Prompt. All entries below are to be returned exactly, with pictures left out.

Phrase grounding data
*** Block opens ***

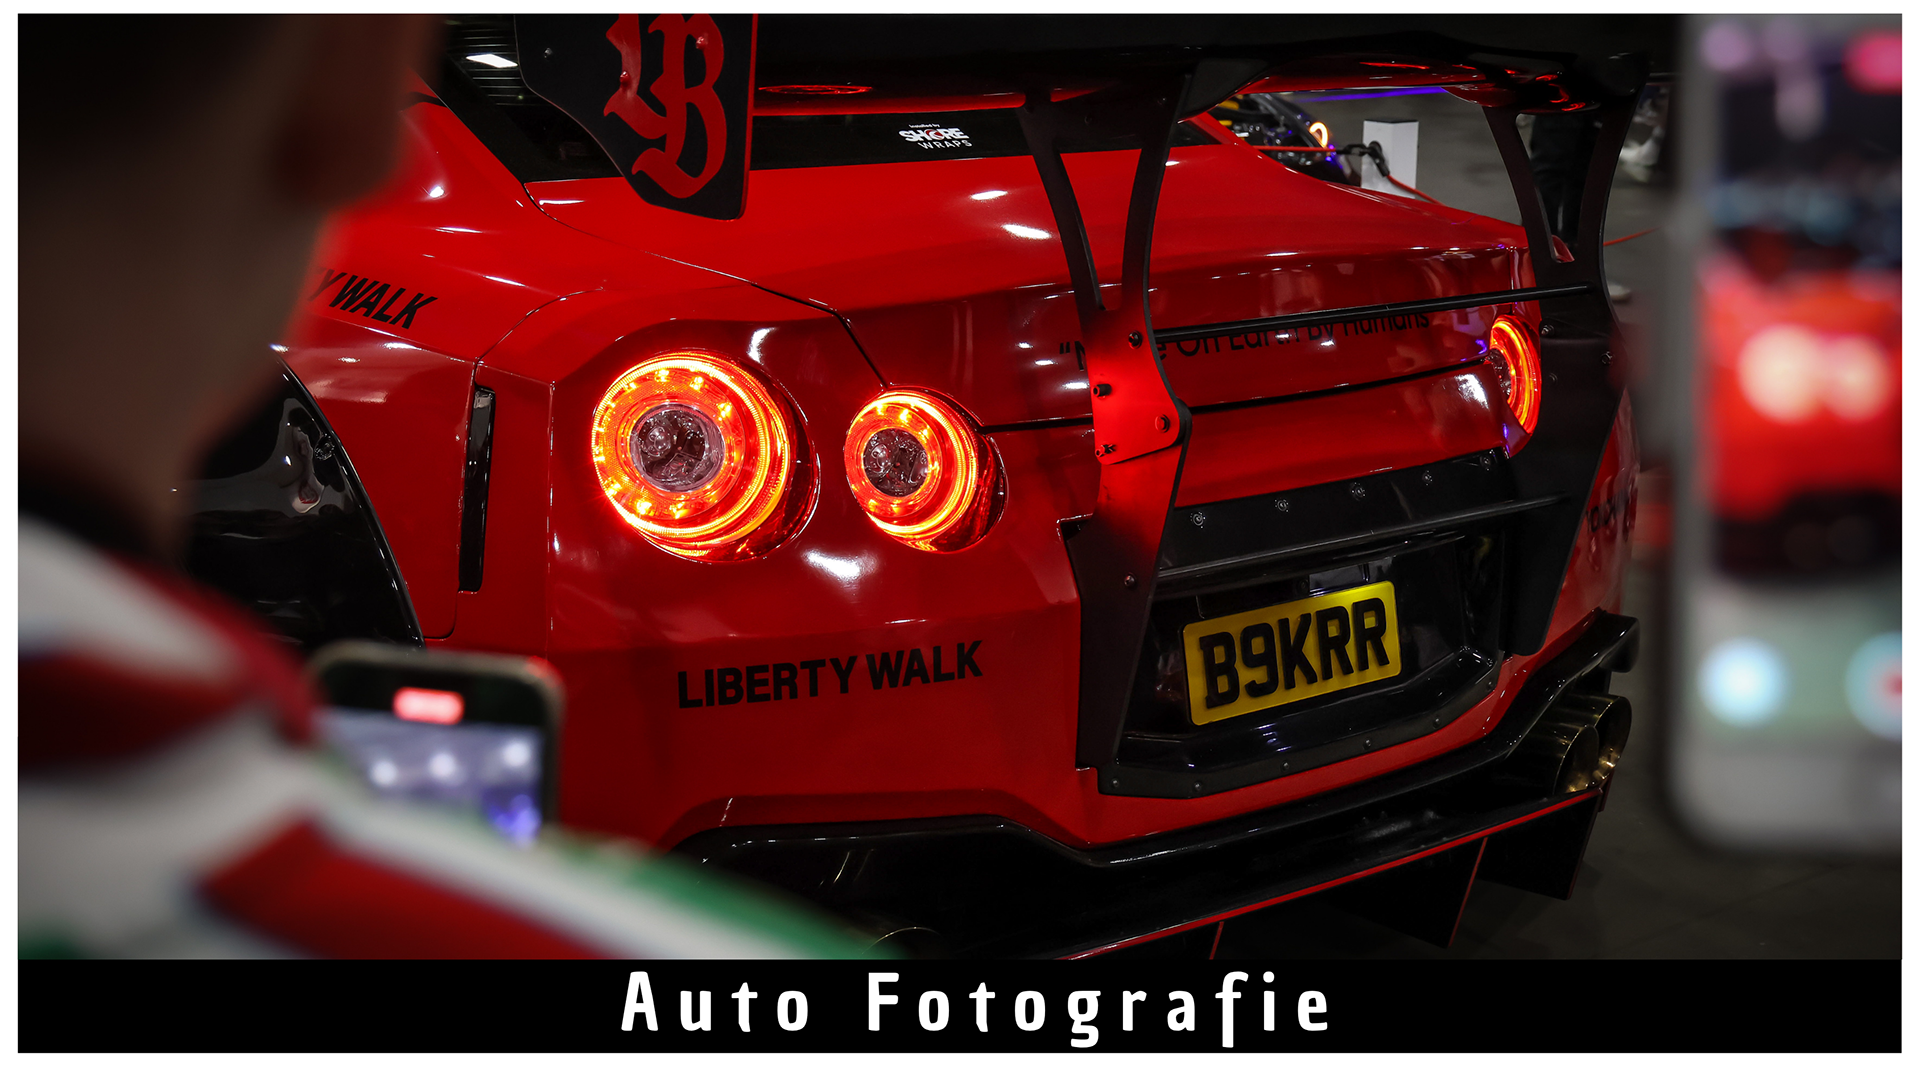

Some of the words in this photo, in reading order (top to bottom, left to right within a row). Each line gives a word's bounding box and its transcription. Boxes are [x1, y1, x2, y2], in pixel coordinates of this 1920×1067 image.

[899, 128, 969, 142] SHORE
[917, 140, 973, 149] WRAPS
[328, 274, 439, 330] WALK
[678, 656, 858, 709] LIBERTY
[865, 640, 984, 691] WALK
[1199, 598, 1390, 709] B9KRR
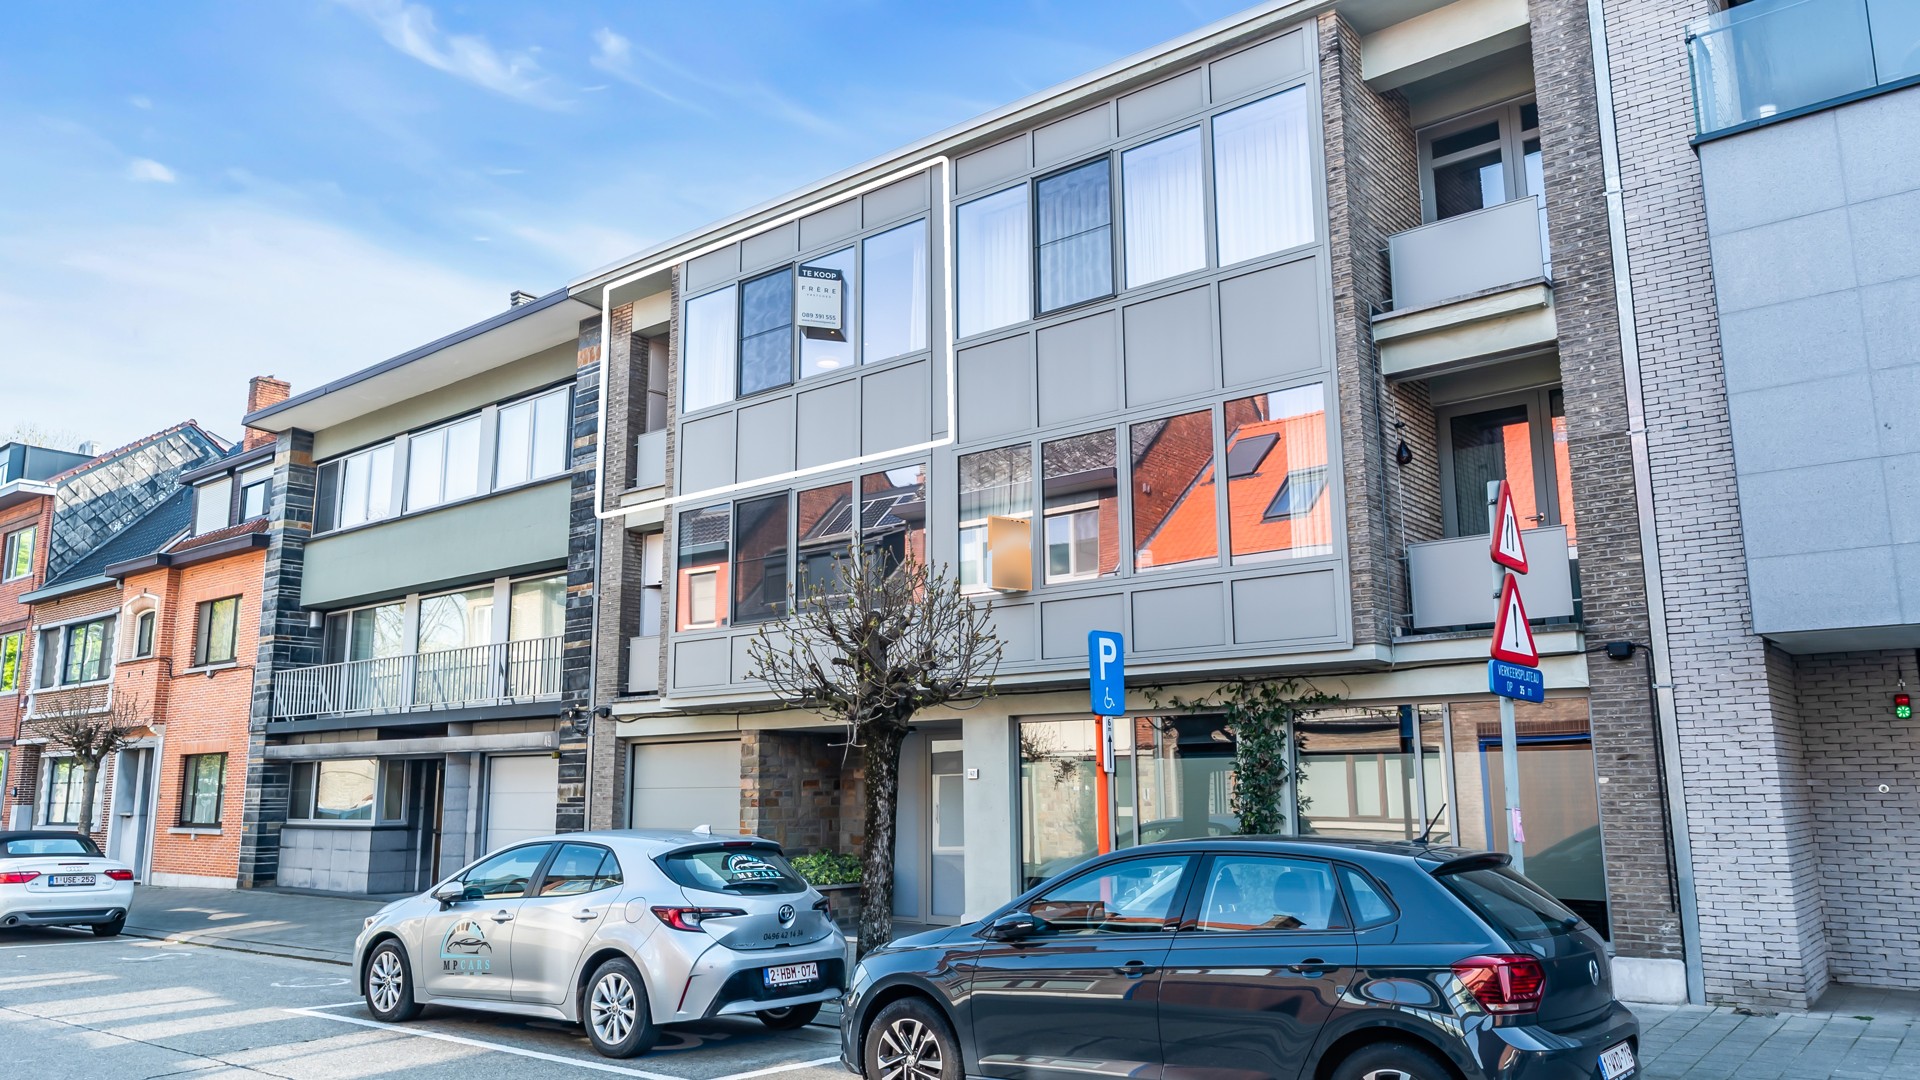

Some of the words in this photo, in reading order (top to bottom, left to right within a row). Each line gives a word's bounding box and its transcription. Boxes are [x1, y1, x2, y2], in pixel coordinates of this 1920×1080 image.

*** Block closes ***

Written solution.
Some of the words in this photo, in reading order (top to bottom, left to right within a row). Each line gives a word's bounding box and its transcription. Boxes are [x1, y1, x2, y2], in pixel coordinates of this 1920×1067 image.

[899, 128, 969, 142] SHORE
[917, 140, 973, 149] WRAPS
[328, 274, 439, 330] WALK
[678, 656, 858, 709] LIBERTY
[865, 640, 984, 691] WALK
[1199, 598, 1390, 709] B9KRR

Some of the words in this photo, in reading order (top to bottom, left to right within a row). Each line gives a word's bounding box and its transcription. Boxes are [x1, y1, x2, y2], in pixel coordinates of this 1920×1080 image.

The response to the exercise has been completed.